Enter artificial intelligence (AI). Ushering in a foundational change in complex data processing, AI-driven glycoproteomic analysis can at long last be performed at scale, five orders of magnitude faster, and at superior fidelity and reproducibility than was heretofore possible.
The biotechnology company InterVenn Biosciences, for example, has developed a neural-network-based algorithm, which was trained by manually curating hundreds of thousands of features (i.e., glycoproteome chromatographic peaks), and which performs well on unseen test samples, reaching near-perfect agreement (Pearson’s r 0.99) with expert human annotation—as compared to ≈75% correlation using the most advanced currently available software packages. As a result, it can now process the 1000 features on each of 100 samples from the previous example to yield numerical, normalized data directly usable for biostatistical analysis in 6 minutes as opposed to full-time work by a spectrometrist for eight months (1).
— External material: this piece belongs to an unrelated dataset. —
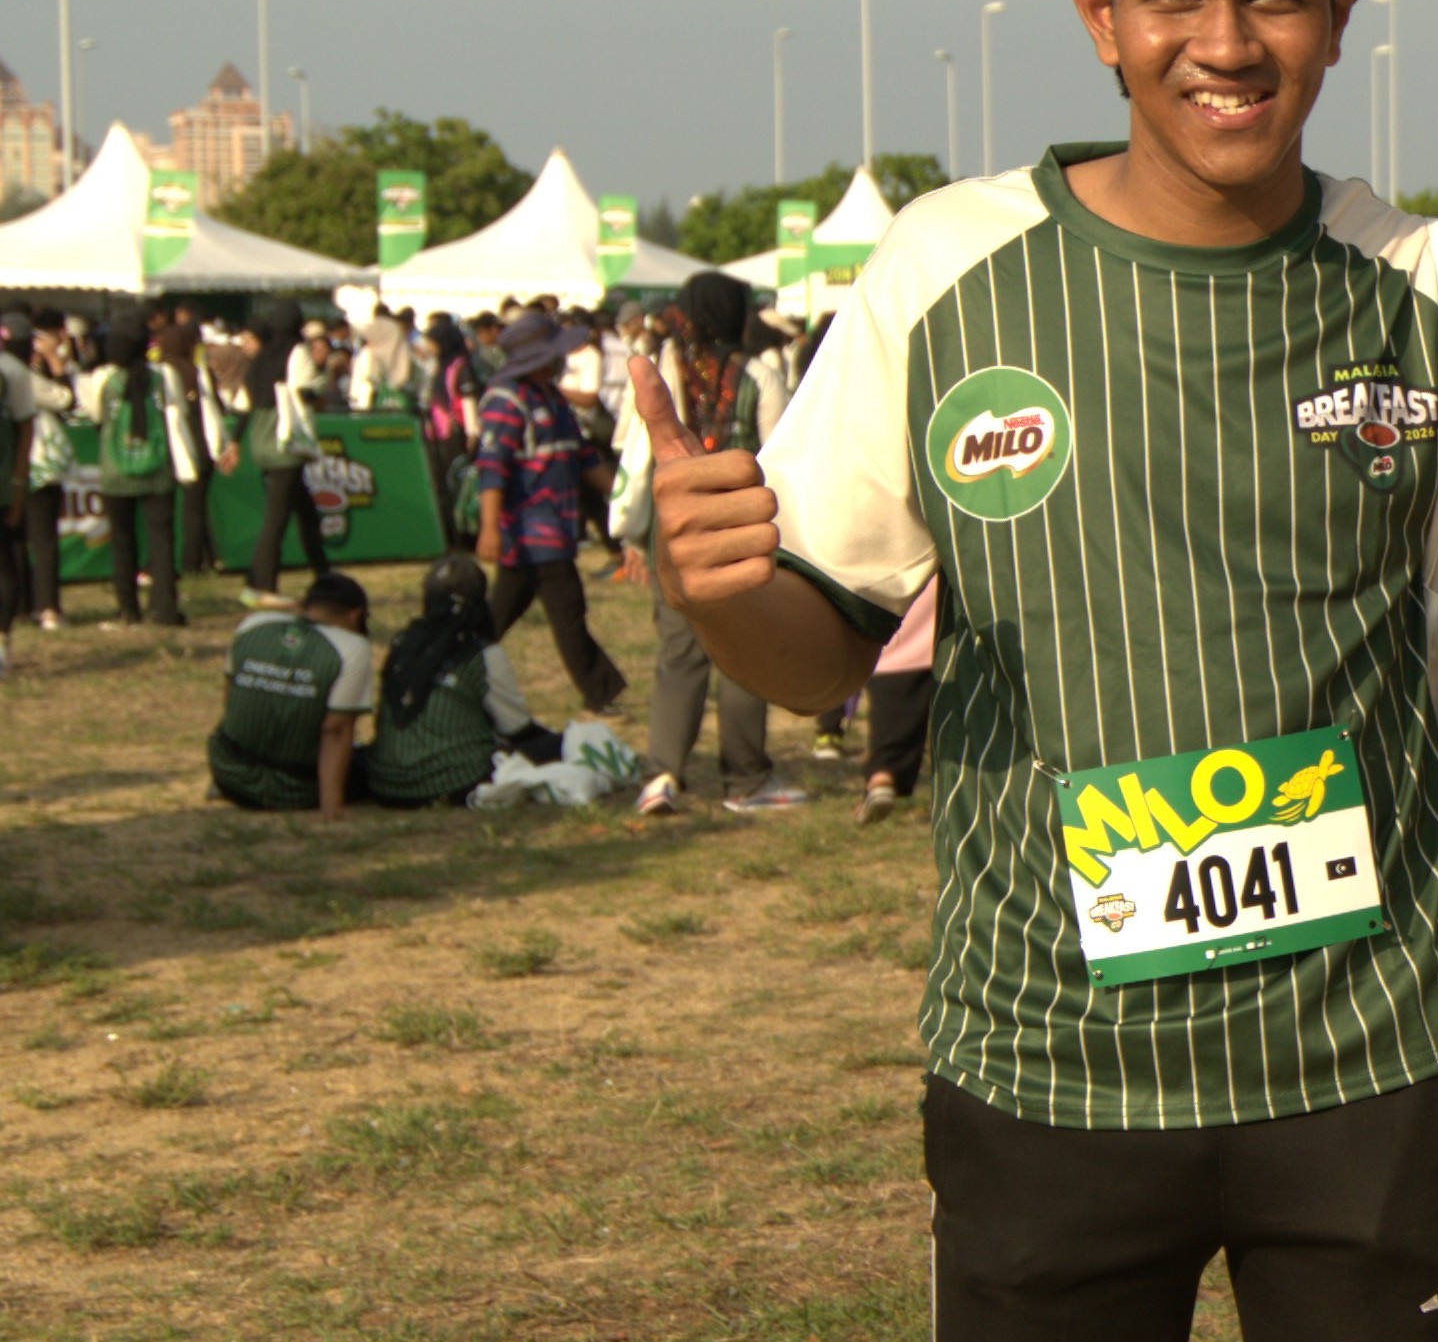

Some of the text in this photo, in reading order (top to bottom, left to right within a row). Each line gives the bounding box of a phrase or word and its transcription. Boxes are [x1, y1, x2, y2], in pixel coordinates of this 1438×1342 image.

[962, 426, 1043, 466] MILO
[1311, 427, 1435, 443] DAY 2026
[1062, 749, 1265, 885] MILO
[1163, 841, 1300, 934] 4041
The insights gleaned from rapidly scaling glycoproteomic interrogation of peripheral blood samples, admittedly still at an early stage and based on a limited number of pilot study examples, have been intriguing and powerful (2–4). By focusing on readily accessible high-abundance plasma glycoproteins, which undergo significant changes in their glycosylation status as part of a systemic response to localized, remote disease processes, liquid biopsy-based glycoproteomics is opening an entirely new domain of R&D interrogation, resulting in identification of new biomarkers, which promise to meet the exacting needs of the clinical markets. These biomarkers have the potential to accelerate the shift to a multi-omic approach to precision medicine, with benefits to individual patients and the healthcare system overall.
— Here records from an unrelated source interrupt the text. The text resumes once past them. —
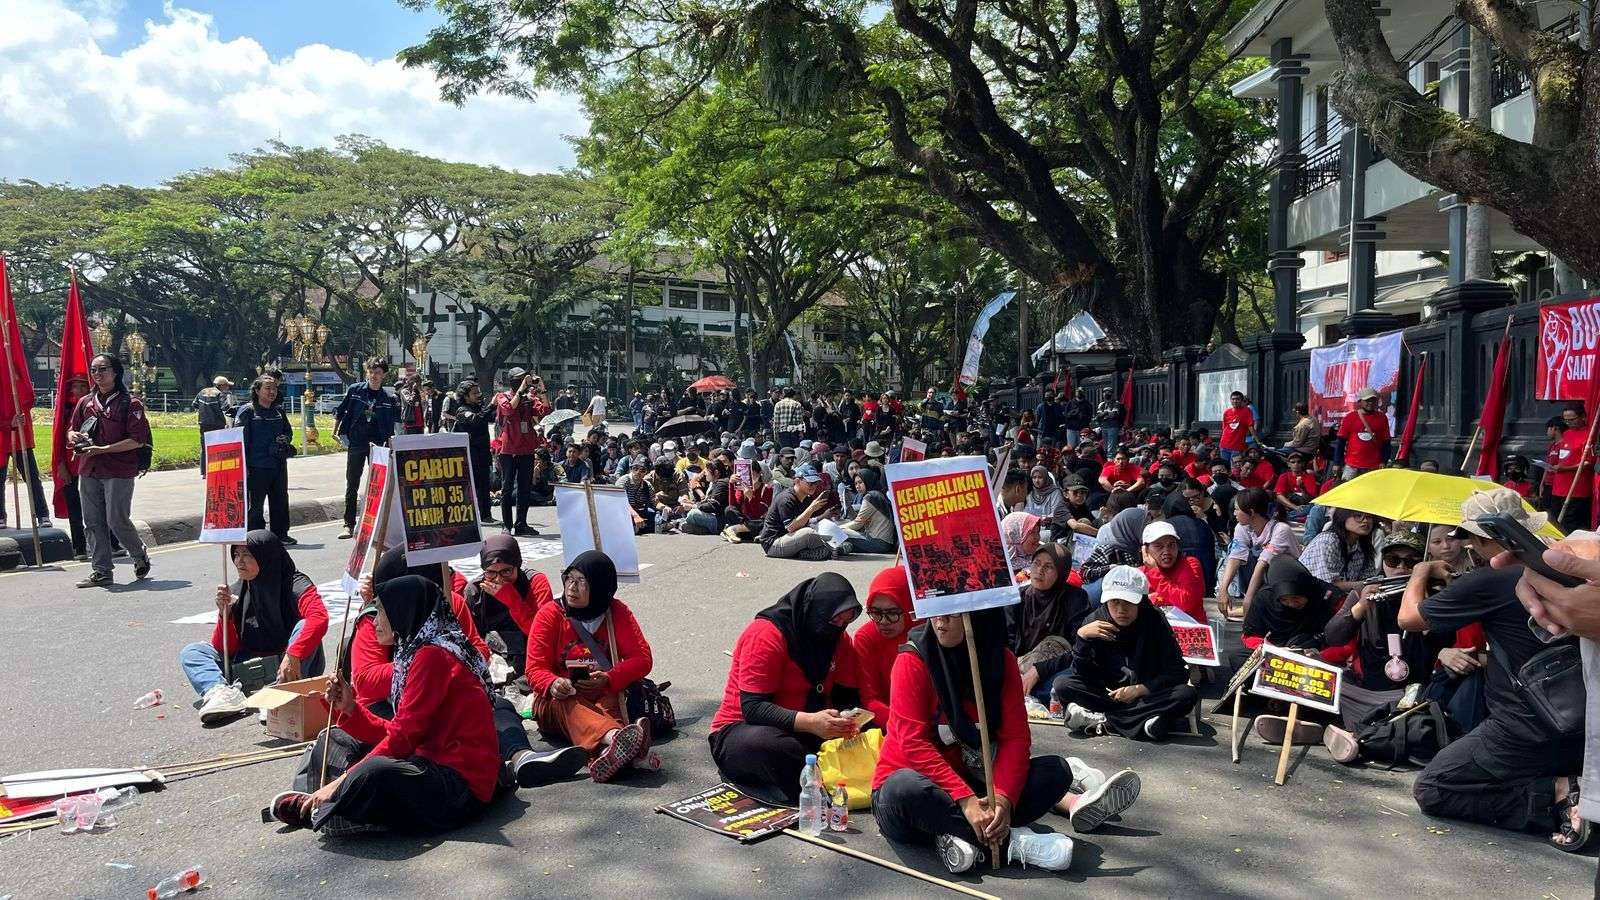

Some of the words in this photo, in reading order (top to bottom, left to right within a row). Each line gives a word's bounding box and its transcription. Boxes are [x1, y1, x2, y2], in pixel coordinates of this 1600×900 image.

[1566, 354, 1596, 381] SAAT
[404, 457, 465, 482] CABUT
[412, 488, 428, 507] PP
[430, 486, 446, 505] NO
[448, 485, 464, 503] 35
[896, 473, 985, 506] KEMBALIKAN
[407, 507, 445, 527] TAHUN
[448, 504, 474, 524] 2021
[899, 491, 980, 523] SUPREMASI
[902, 519, 939, 541] SIPIL
[1270, 658, 1333, 681] CABUT
[1291, 675, 1306, 684] NO
[1265, 674, 1300, 689] TAHUN
[1302, 684, 1332, 698] 2023
Much more research is needed –and being conducted—to understand the biology behind these glycosylation changes. Presumably, they are driven by signal cascades activated by the tumor mi-croenvironment of very early-stage tumors, or even precancerous lesions, which are not detectable by ct- or cf-DNA based methods. However, highly informative glycoproteomic biomarkers can be measured that do not depend on the presence of material shed by the tumor, representing a sea change for the role of liquid biopsy in disease management and preventive care.
Klaus Lindpaintner, MD, MPH is chief scientific officer and distinguished scientist at InterVenn BioSciences.